The data follows this line. Copy verbatim the line with "this 2576×1438 image." and each line after it to the end.

Dataset records: Begin

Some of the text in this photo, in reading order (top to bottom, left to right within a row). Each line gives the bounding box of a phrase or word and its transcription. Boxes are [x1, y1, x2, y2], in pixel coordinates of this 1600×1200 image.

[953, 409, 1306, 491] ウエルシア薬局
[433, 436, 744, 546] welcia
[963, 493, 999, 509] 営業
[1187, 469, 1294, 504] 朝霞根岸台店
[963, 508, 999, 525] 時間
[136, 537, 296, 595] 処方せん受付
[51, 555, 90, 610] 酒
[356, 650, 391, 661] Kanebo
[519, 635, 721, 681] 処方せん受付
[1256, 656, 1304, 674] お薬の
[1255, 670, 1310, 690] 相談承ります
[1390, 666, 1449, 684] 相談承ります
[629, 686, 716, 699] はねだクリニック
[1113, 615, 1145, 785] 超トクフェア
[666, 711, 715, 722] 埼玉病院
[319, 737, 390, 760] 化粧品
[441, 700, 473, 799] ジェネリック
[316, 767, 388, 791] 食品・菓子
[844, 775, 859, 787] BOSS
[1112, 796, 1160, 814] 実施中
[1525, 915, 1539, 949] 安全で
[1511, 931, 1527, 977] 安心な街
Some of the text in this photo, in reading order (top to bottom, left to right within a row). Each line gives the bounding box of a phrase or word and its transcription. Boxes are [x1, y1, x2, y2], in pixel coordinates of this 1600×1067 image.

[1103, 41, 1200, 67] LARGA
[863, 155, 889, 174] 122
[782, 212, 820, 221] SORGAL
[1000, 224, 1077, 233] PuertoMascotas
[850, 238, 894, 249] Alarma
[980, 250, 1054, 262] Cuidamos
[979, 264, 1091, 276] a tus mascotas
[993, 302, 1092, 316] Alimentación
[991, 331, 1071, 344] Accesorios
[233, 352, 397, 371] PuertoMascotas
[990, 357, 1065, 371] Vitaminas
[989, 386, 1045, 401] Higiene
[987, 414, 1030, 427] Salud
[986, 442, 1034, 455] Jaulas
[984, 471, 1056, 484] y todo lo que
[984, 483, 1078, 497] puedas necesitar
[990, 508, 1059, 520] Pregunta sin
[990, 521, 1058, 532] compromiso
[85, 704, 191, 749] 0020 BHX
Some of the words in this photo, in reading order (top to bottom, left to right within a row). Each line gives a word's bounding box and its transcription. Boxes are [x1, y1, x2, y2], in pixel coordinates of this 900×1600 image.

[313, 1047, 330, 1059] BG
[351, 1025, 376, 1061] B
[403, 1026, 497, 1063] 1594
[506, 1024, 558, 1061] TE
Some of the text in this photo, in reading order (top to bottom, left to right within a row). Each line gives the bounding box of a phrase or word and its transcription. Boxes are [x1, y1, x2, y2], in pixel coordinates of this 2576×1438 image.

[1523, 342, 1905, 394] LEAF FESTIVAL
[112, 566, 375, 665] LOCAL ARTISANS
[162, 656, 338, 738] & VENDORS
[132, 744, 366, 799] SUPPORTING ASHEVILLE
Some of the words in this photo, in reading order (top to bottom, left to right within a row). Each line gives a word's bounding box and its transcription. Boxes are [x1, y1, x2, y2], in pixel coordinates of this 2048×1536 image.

Dataset records: End

# Answer to the exercise
Some of the text in this photo, in reading order (top to bottom, left to right within a row). Each line gives the bounding box of a phrase or word and its transcription. Boxes are [x1, y1, x2, y2], in pixel coordinates of this 2576×1438 image.

[1523, 342, 1905, 394] LEAF FESTIVAL
[112, 566, 375, 665] LOCAL ARTISANS
[162, 656, 338, 738] & VENDORS
[132, 744, 366, 799] SUPPORTING ASHEVILLE
Some of the words in this photo, in reading order (top to bottom, left to right within a row). Each line gives a word's bounding box and its transcription. Boxes are [x1, y1, x2, y2], in pixel coordinates of this 2048×1536 image.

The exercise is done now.